Transcriptional analysis of puf operon expression in Rhodobacter sphaeroides 2.4.1 and an intercistronic transcription terminator mutant

DNA sequence analysis of the pufX region, the most distal gene of the pufBALMX operon of Rhodobacter sphaeroides, revealed a sequence encoding a putative polypeptide of 82 amino acids with a molecular mass of 9052 Da followed by a puf operon-specific transcription terminator. Analysis of the 5′ and 3′ termini of the transcripts produced in vivo from the puf operon of R. sphaeroides PUF Δ 348–420 (three transcripts; 0.59, 0.64, and 2.63 kilobases) lacking the puf-intercistronic terminator structure were identical to those of the corresponding puf transcripts derived from wild-type R. sphaeroides 2.4.1 (four transcripts; 0.50, 0.66, 0.71, and 2.7 kilobases) showing that the transcripts begin and end at the same sites.
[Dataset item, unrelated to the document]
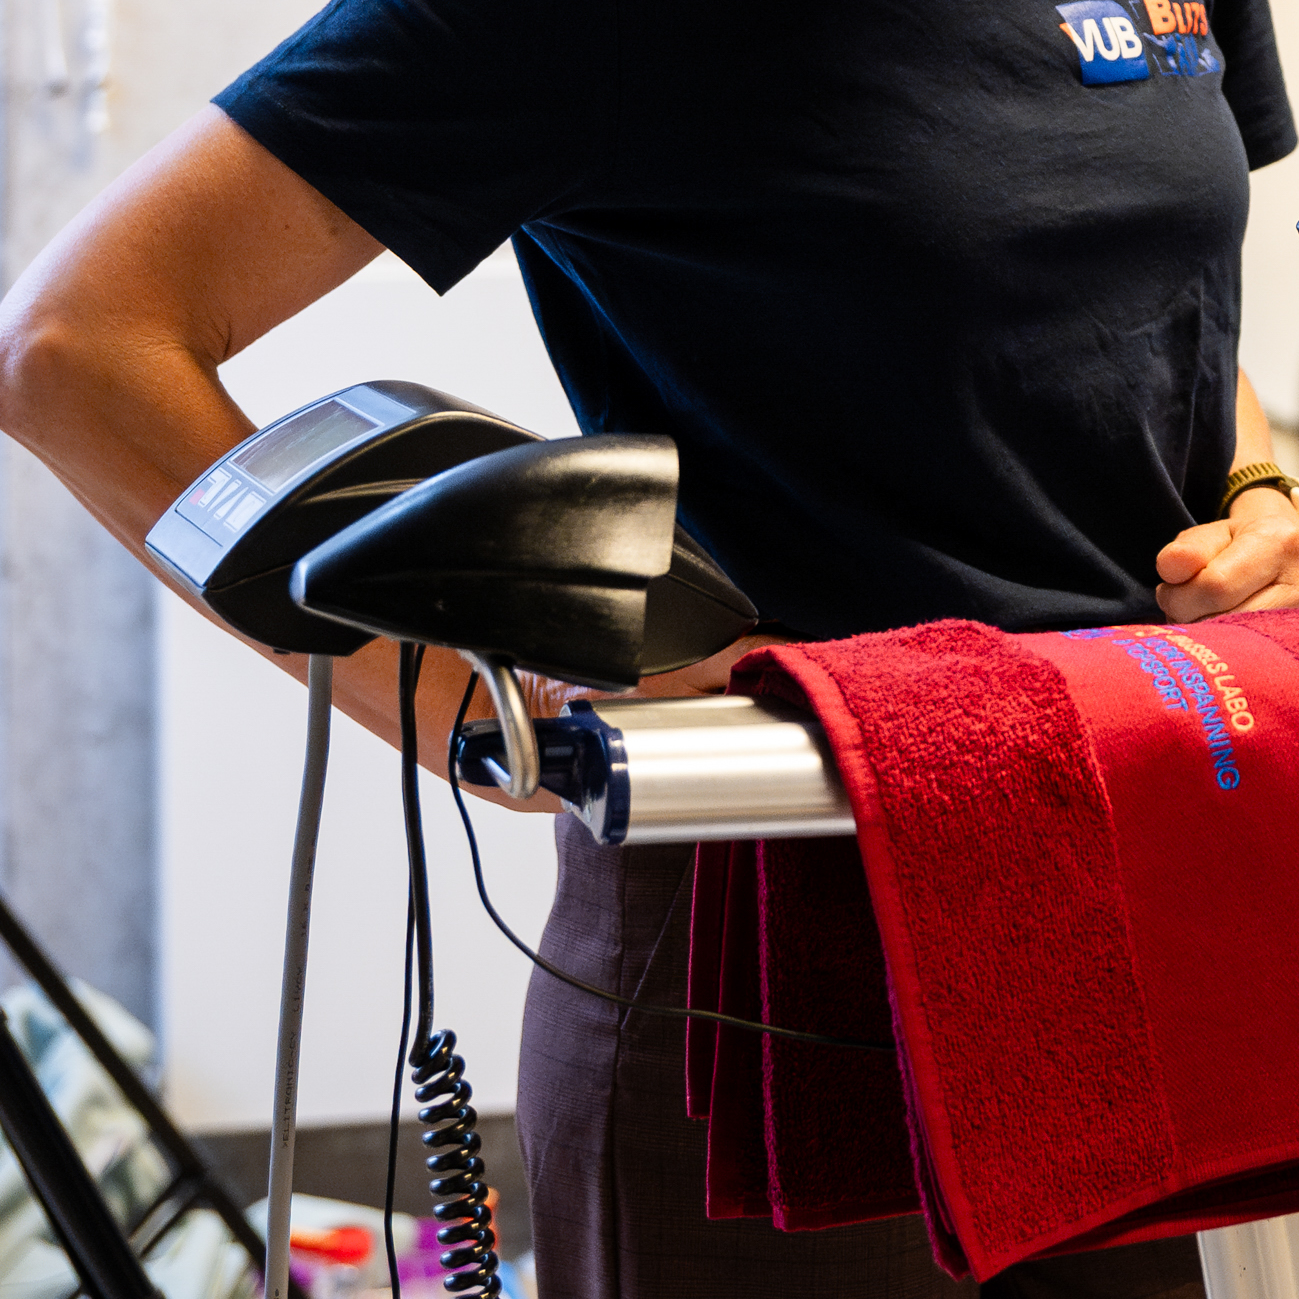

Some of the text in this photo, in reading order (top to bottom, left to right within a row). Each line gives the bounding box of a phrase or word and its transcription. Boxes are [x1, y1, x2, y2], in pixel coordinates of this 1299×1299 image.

[1066, 16, 1143, 62] VUB
[1169, 659, 1241, 791] INSPANNING
[1214, 674, 1255, 732] LABO
However, the absence of the puf intercistronic terminator resulted in both the loss of the smallest transcript found in wild type and increased transcriptional read-through of the mutated region to the more distal pufL gene, supporting our previous contention that the proximal intercistronic stem-loop functions as a transcription terminator. The 5′ terminus of the medium sized puf transcript has been localized to the same site as that of the small puf transcript. These analyses also showed conclusively that the puf operon-specific transcripts are not extended transcripts derived from the upstream open reading frame Q. In addition, a 120-nucleotide RNA was detected which encompassed the terminator region downstream of pufX and extended into the next downstream open reading frame. The 120-nucleotide RNA of unknown function was regulated by O2 and is unique in its abundance and stability. By comparison with strain 2.4.1, the mutant PUF Δ 348–420 showed an increased amount (1.9-fold) of the 120-nucleotide RNA, suggesting that its synthesis is under the control of the puf operon despite the fact that its sequence appears to overlap the next downstream operon.